В отличие от Канта, Фихте отверг существование «вещей в себе», которые непознаваемы, и возвел самосознательного субъекта, его «Я» на уровень «единой, истинной и самостоятельной реальности». Такой самостоятельности не имеет природа, ибо она порождается деятельностью сознания – мирового «Я» как абсолютного субъекта.
Термин, как и понятие интеллигенции, получает более широкое развитие в трудах Шеллинга и прежде всего в его главной работе «Система трансцендентального идеализма»[3], опубликованной в 1800 году. Здесь, как у Фихте, обосновывается первичность интеллекта как единственной основы всякой реальности. По Шеллингу «интеллигенция – это деятельность субъекта и сам субъект». Полемизируя с Кантом, Шеллинг утверждает, что интеллигенция это не только логический акт, но и духовный процесс, который создает все предметы и все формы сознания. В интеллигенции он видит две взаимосвязанные стороны – созидание и созерцание, ибо «сама интеллигенция не что иное как созидающее созерцание. Созерцание есть интеллектуальная интуиция»[4].
Никакой реальности, никакого объекта вне интеллекта не существует, ибо материальный мир есть лишь порождение акта чистого самосознания. Интеллигенция является определенным способом действий, путем которого возникает объект. Весь внешний мир воспринимается интеллигенцией как свой организм. Наиболее глубокая основа интеллигенции состоит в ее двойственности как созидания и созерцания. Определенный интерес вызывает формулировка Шеллингом понятия «внутренней и внешней интеллигенции», что связано с деятельностью не только моего «Я», но и других разумных существ, влияющих на меня и обогащающих мои взгляды на внешний мир[5].
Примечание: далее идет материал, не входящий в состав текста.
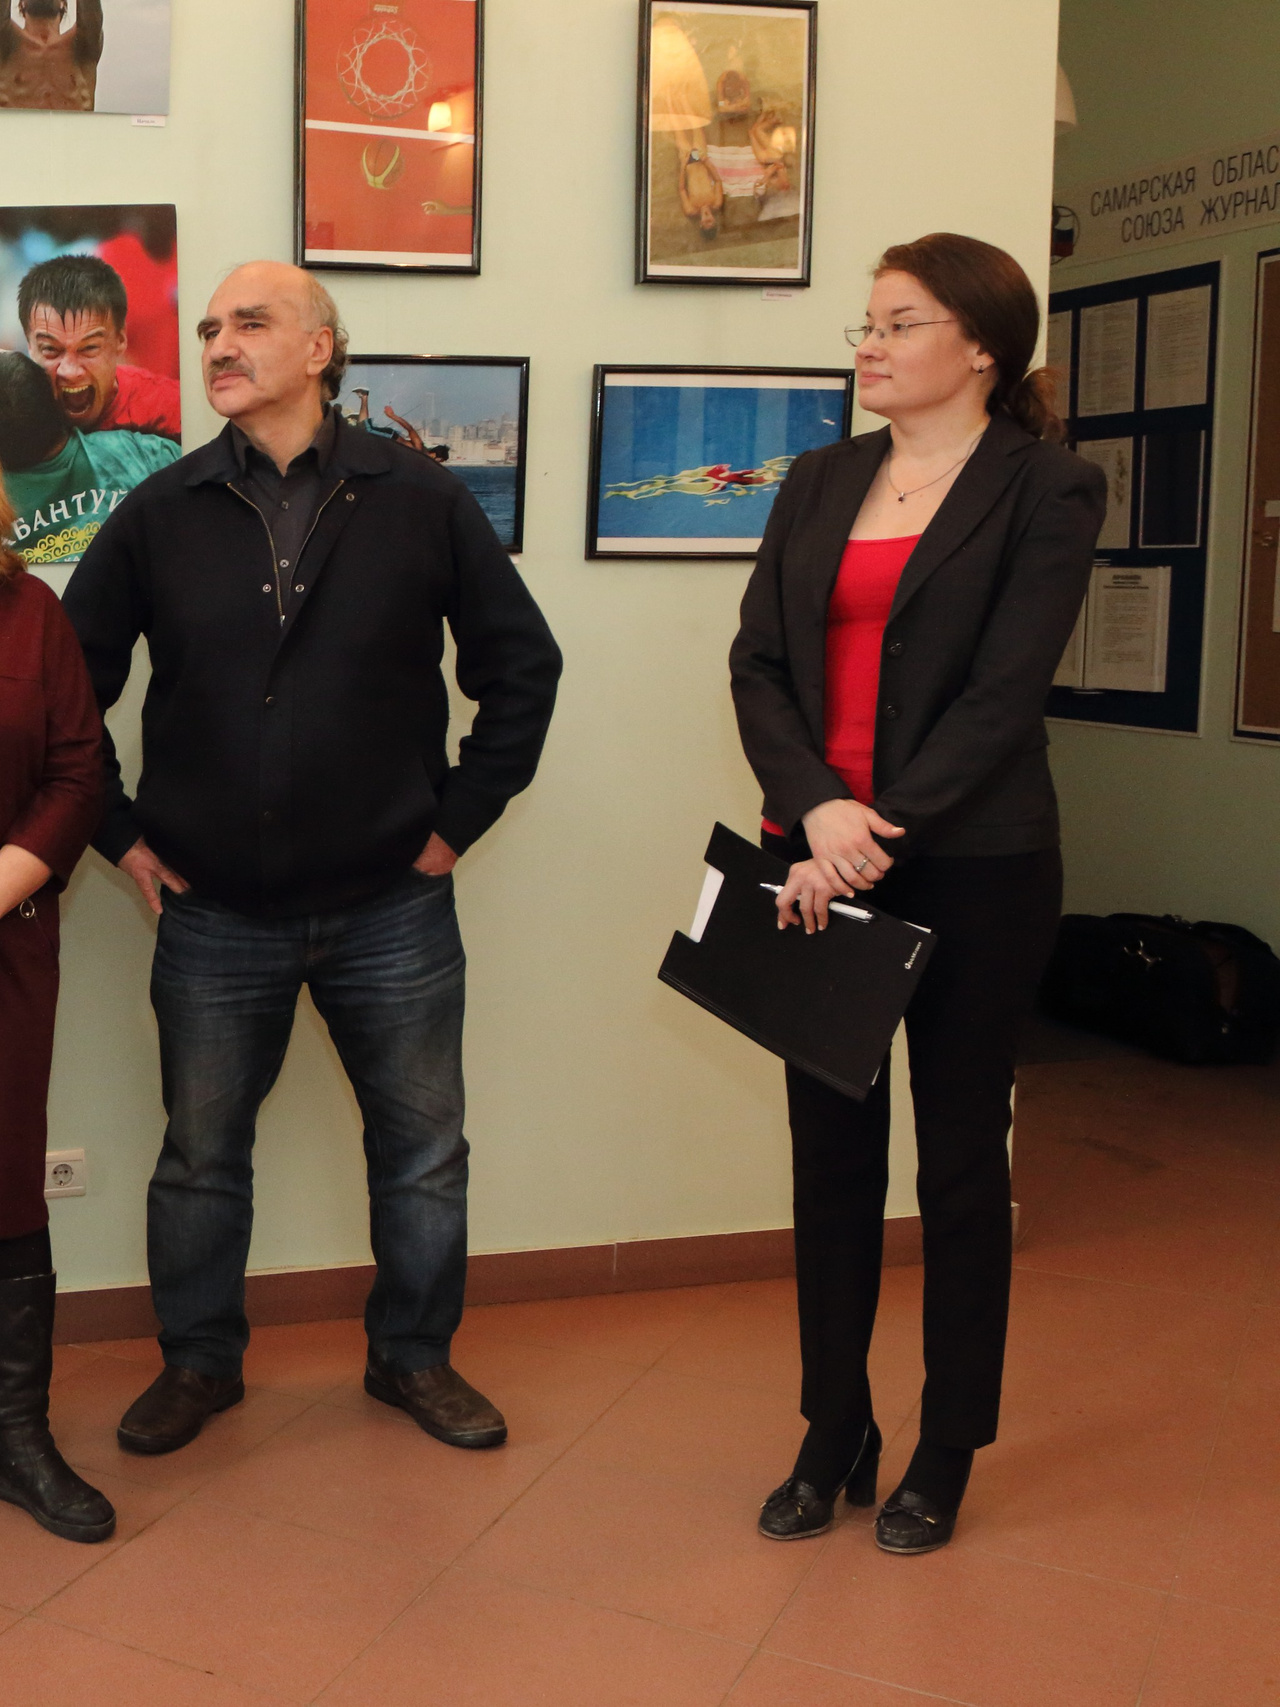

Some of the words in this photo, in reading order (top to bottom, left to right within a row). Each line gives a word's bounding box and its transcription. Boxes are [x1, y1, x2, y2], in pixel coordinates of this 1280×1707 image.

[1090, 166, 1196, 217] САМАРСКАЯ
[1121, 206, 1185, 243] СОЮЗА
[1, 488, 128, 546] БАНТУЙ
Концепция интеллекта, предложенная Шеллингом, критически анализируется Гегелем. В его трактовке интеллект, интеллигенция рассматриваются как развивающийся дух. Он не приемлет положения о тождестве субъекта и объекта. Интеллигенцией он называет «теоретическое мышление как составную часть субъективного духа – теоретический дух. Дух в форме субъективности и есть интеллигенция[6].
Гегель фактически сводит субъект к духу, подчеркивая, что «дух не происходит от природы естественным путем». В отличие от Шеллинга, он усматривает различие между сознанием, для которого объект остается внешним, и интеллигенцией, которая постигает «разумную природу объекта и преобразует таким путем одновременно и субъективность в объективную разумность». Таким образом, знание из абстрактного и формального становится конкретным и наполненным истинным содержанием объективных знаний и тем самым познанием истины. На пути к ее достижению интеллигенция из сферы субъективного духа выходит в объективность, в практику, в формы социального бытия, которые суть формы субъективного духа[7].
Понятие познания, как отмечает Гегель, раскрылось для нас как сама интеллигенция, как достоверность разума. Действительность интеллигенции есть самопознание. Поэтому нелепо говорить об интеллигенции и в то же время признавать, что она может по произволу познавать или не познавать. Но познание является истинным именно постольку, поскольку интеллигенция его осуществляет[8].
Таким образом, между Фихте, Шеллингом и Гегелем есть существенные различия в истолковании понятия интеллигенции, но в главном они совпадают – в соотношении мышления и бытия. Все они рассматривают «интеллигенцию» как сложный, многоаспектный феномен, охватывающий весь духовный мир человека, его интеллект, волю и деятельность в сфере сознания и самосознания, как орган созерцания и созидания, первичный по отношению к материальному миру.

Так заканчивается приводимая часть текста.